Management highlighted:

  • Subscription revenue growth expected to accelerate in 2026, bolstered by new launches and pricing strategies
  • Licensing revenue likely to outpace subscriptions, with a growing roster of AI partners and new monetization rights

Takeaways

CuriosityStream’s strategic pivot to AI content licensing is reshaping its revenue base and growth profile.

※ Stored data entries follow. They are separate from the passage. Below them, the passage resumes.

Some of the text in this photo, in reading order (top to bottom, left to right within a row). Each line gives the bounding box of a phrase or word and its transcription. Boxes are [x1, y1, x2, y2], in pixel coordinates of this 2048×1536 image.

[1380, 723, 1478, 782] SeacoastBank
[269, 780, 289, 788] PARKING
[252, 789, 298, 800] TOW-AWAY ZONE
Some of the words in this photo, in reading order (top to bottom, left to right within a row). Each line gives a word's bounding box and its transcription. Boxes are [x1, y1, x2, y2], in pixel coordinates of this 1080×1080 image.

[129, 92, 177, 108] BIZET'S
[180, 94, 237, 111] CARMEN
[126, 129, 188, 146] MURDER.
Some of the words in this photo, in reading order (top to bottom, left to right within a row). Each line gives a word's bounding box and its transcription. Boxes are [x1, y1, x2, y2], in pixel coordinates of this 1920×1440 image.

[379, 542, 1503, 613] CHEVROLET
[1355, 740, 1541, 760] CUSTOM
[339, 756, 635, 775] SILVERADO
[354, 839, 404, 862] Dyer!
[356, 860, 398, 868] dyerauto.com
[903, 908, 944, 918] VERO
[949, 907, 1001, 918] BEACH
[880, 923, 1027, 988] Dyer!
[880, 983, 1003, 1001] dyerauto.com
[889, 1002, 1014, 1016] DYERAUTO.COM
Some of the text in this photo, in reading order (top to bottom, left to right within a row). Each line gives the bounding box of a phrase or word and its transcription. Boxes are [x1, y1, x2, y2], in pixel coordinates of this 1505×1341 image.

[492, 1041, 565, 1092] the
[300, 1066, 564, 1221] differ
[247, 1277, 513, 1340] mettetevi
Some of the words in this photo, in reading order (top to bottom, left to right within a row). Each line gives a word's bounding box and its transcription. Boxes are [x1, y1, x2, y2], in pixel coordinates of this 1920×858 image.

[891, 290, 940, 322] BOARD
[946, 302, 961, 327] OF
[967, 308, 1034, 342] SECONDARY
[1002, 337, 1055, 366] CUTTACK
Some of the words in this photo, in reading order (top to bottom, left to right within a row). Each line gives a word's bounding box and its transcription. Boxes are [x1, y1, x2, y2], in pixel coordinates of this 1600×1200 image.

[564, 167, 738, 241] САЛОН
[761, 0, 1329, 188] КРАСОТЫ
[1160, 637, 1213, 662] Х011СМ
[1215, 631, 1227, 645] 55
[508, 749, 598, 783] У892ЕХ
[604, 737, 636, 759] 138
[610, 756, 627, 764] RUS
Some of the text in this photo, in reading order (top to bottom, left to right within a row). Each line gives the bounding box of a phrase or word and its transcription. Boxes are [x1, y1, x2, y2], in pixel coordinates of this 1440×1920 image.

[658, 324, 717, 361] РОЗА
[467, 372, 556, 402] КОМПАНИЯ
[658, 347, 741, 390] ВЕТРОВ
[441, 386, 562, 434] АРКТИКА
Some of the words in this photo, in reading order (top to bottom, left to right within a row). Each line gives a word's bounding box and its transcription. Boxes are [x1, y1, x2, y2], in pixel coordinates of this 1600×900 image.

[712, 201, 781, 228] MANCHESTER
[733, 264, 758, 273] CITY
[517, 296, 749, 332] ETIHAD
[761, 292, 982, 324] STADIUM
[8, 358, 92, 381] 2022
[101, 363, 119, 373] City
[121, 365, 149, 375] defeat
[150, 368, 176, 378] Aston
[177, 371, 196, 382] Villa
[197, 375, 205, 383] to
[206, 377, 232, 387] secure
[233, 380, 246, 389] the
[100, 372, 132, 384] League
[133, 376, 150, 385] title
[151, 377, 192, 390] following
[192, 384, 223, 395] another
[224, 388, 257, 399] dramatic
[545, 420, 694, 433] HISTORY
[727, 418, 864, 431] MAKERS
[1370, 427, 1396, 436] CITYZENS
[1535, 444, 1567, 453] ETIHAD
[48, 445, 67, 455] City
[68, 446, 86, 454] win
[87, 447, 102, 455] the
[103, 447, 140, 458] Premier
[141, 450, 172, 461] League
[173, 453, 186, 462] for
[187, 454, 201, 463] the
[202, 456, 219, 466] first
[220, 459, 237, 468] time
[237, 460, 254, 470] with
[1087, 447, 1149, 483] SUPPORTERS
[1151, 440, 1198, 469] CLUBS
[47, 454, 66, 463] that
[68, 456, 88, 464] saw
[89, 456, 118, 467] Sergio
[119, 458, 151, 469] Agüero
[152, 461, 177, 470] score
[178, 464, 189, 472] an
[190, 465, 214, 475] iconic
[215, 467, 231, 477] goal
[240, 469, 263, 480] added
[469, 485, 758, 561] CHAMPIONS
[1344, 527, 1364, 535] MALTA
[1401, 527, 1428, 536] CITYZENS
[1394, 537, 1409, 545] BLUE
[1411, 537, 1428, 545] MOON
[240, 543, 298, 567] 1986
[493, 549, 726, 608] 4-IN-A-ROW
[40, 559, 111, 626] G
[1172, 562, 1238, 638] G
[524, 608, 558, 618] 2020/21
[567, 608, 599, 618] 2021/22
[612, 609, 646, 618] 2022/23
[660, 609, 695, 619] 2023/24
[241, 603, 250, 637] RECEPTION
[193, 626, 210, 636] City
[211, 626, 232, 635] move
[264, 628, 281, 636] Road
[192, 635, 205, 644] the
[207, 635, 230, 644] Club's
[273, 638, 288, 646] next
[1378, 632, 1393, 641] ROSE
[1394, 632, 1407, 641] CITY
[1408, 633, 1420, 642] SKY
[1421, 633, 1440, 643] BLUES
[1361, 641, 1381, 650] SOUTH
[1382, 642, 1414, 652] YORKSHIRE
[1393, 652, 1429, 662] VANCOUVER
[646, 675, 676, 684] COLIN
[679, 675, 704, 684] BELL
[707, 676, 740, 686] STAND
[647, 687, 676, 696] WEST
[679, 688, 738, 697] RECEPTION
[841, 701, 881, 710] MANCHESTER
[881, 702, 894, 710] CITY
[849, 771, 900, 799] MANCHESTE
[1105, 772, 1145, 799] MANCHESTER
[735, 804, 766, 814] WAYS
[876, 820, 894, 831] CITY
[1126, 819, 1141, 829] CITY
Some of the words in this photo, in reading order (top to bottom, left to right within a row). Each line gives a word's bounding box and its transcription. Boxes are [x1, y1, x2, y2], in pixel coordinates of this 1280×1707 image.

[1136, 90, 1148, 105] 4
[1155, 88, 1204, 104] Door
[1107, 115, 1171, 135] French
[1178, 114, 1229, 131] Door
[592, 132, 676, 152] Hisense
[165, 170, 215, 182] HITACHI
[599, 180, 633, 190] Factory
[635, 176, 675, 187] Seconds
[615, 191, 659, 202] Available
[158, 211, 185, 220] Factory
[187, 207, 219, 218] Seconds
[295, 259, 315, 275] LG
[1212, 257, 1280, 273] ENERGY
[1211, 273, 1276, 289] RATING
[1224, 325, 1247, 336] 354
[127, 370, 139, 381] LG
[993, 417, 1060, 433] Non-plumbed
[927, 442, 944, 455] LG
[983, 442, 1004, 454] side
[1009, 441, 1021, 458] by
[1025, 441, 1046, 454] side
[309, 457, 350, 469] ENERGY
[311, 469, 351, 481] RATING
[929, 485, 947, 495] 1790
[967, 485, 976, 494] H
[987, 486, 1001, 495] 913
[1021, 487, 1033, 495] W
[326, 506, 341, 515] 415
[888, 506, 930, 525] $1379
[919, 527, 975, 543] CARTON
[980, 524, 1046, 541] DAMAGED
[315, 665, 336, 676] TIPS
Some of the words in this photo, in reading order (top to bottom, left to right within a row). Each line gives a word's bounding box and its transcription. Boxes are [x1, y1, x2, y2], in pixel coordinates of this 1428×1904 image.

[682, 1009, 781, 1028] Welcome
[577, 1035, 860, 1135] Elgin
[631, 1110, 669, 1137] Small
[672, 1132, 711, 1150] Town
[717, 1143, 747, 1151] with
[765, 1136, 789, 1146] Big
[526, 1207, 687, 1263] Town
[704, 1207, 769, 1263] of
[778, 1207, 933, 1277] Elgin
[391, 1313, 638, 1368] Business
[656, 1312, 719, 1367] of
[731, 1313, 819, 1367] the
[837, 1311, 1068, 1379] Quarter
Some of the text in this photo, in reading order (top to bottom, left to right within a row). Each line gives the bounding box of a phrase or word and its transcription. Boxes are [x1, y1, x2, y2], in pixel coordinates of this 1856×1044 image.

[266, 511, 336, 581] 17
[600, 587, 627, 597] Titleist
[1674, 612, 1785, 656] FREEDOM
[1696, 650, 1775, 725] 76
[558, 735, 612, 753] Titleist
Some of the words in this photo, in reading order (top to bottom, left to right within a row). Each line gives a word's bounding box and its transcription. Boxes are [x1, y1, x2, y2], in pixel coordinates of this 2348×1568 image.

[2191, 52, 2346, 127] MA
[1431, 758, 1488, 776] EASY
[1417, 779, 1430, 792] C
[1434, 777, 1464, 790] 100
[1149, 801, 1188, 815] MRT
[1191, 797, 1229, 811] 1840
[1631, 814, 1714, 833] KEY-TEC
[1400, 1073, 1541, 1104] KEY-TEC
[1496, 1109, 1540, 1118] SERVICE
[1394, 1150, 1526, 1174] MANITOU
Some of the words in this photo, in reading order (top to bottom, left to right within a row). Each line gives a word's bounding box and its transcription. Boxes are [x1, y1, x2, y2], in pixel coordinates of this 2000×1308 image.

  • Licensing Growth Reframes the Business: The surge in AI licensing revenue and partner expansion signals a durable, high-margin growth engine that could soon eclipse subscriptions as the company’s core business.
  • Disciplined Execution Maintains Optionality: Strong cash flow, cost management, and a debt-free balance sheet allow CuriosityStream to invest in content, technology, and shareholder returns without sacrificing flexibility.
  • Future Watch: Predictability and Scaling: Investors should monitor the transition to recurring licensing models, the pace of AI partner onboarding, and execution in advertising to assess the sustainability and scalability of growth.

Conclusion

CuriosityStream’s Q3 results mark a decisive shift toward AI-driven licensing, with robust financial discipline and a growing content moat. The company is well positioned to capitalize on surging demand for high-quality, structured video data, while maintaining operational agility and shareholder returns.

Industry Read-Through

CuriosityStream’s success in monetizing its proprietary content corpus for AI training highlights a new frontier for media companies seeking growth beyond traditional streaming. The rapid rise of licensing as a revenue stream underscores the value of differentiated, rights-cleared media assets in the AI era. As hyperscalers and AI developers seek exclusive, high-integrity data, companies with deep archives and technical enrichment capabilities will be best positioned to capture premium economics. The shift toward content as a service (CAS) models and recurring licensing agreements could set the template for future media monetization, with implications for both legacy broadcasters and digital-first players navigating the AI content value chain.